Actor Noah Schnapp, the fresh-faced star of Netflix’s Stranger Things who came out as gay in 2022, took the stage at the 2026 GLAAD Media Awards to accept the Outstanding Drama Series award for the hit show. In a moment ripe for viral clips, he gushed that the writers’ willingness to weave gay stories into the supernatural saga has literally saved people’s lives. It’s the kind of hyperbolic Hollywood rhetoric that plays well in progressive echo chambers, positioning entertainment as a literal lifeline while glossing over the show’s core thrills—parallel dimensions, telekinetic teens, and, crucially, characters wielding everything from nail-bats to firearms to fend off existential threats.
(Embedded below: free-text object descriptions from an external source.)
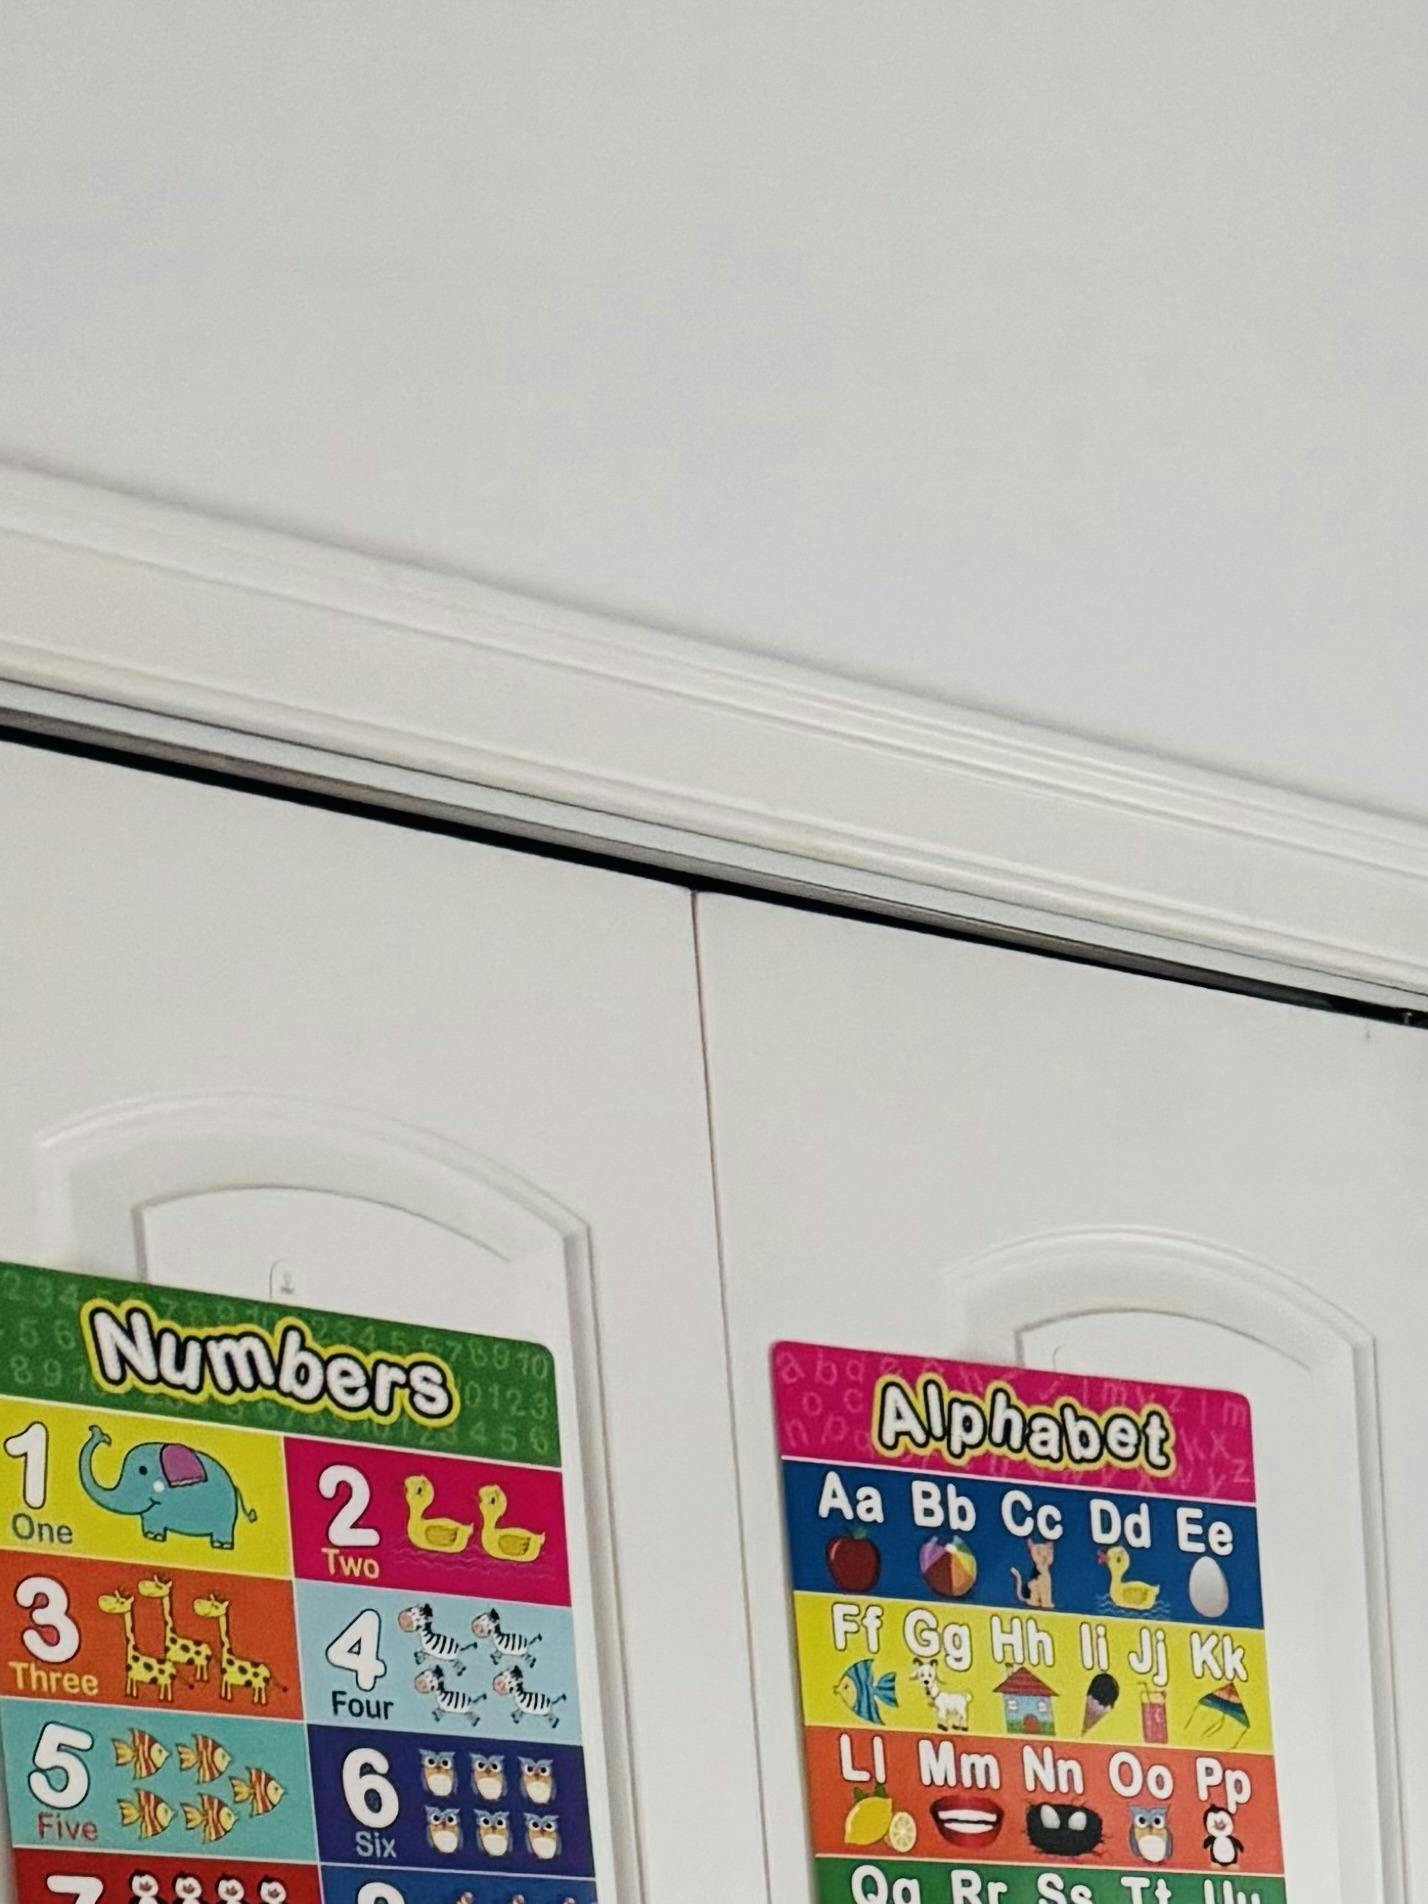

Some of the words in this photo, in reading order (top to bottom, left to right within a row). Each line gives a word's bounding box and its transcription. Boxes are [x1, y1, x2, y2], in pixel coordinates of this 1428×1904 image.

[88, 1306, 451, 1421] Numbers
[4, 1421, 50, 1510] 1
[878, 1382, 1173, 1471] Alphabet
[12, 1516, 74, 1546] One
[318, 1464, 380, 1548] 2
[817, 1473, 883, 1524] Aa
[911, 1482, 977, 1532] Bb
[1001, 1491, 1063, 1540] Cc
[1089, 1500, 1151, 1548] Dd
[1178, 1509, 1234, 1557] Ee
[324, 1549, 380, 1581] Two
[16, 1576, 79, 1663] 3
[326, 1610, 387, 1691] 4
[832, 1605, 881, 1653] Ff
[903, 1611, 972, 1672] Gg
[991, 1617, 1055, 1666] Hh
[1129, 1630, 1169, 1686] Jj
[1192, 1636, 1248, 1682] Kk
[11, 1663, 98, 1696] Three
[331, 1690, 394, 1722] Four
[29, 1722, 95, 1811] 5
[342, 1747, 400, 1831] 6
[841, 1735, 886, 1782] Ll
[918, 1743, 1001, 1790] Mm
[1023, 1745, 1084, 1793] Nn
[1108, 1752, 1174, 1800] Oo
[1197, 1758, 1251, 1813] Pp
[37, 1812, 98, 1842] Five
[355, 1831, 397, 1860] Six
But let’s zoom out from the self-congratulatory spotlight: Schnapp’s claim isn’t just feel-good fluff; it’s a masterclass in narrative control, where saving lives gets credited to LGBTQ+ representation rather than, say, the actual survival skills on display in Hawkins. In Stranger Things, guns and improvised weapons aren’t props—they’re plot armor, from Joyce’s shotgun blasts against the Demogorgon to Hopper’s arsenal in the Upside Down. The show’s unapologetic embrace of armed self-defense has armed a generation of young viewers with the subconscious understanding that when monsters (literal or metaphorical) come knocking, passivity kills. Schnapp’s speech sidesteps this 2A heartbeat, reframing heroism through identity politics instead of the Second Amendment ethos that underscores every Demodog takedown.
For the 2A community, this is a stark implication: Hollywood’s elite will lionize gay stories as saviors while downplaying the firearms that make those stories’ heroes effective. It’s a subtle erasure—celebrating vulnerability over victory, representation over readiness. Yet Stranger Things endures as pro-2A catnip precisely because it shows self-reliance trumps symbolism every time. As cultural battles rage, gun owners should champion shows like this not for their GLAAD nods, but for proving that when lives truly hang in the balance, it’s the right to bear arms, not awards speeches, that saves the day.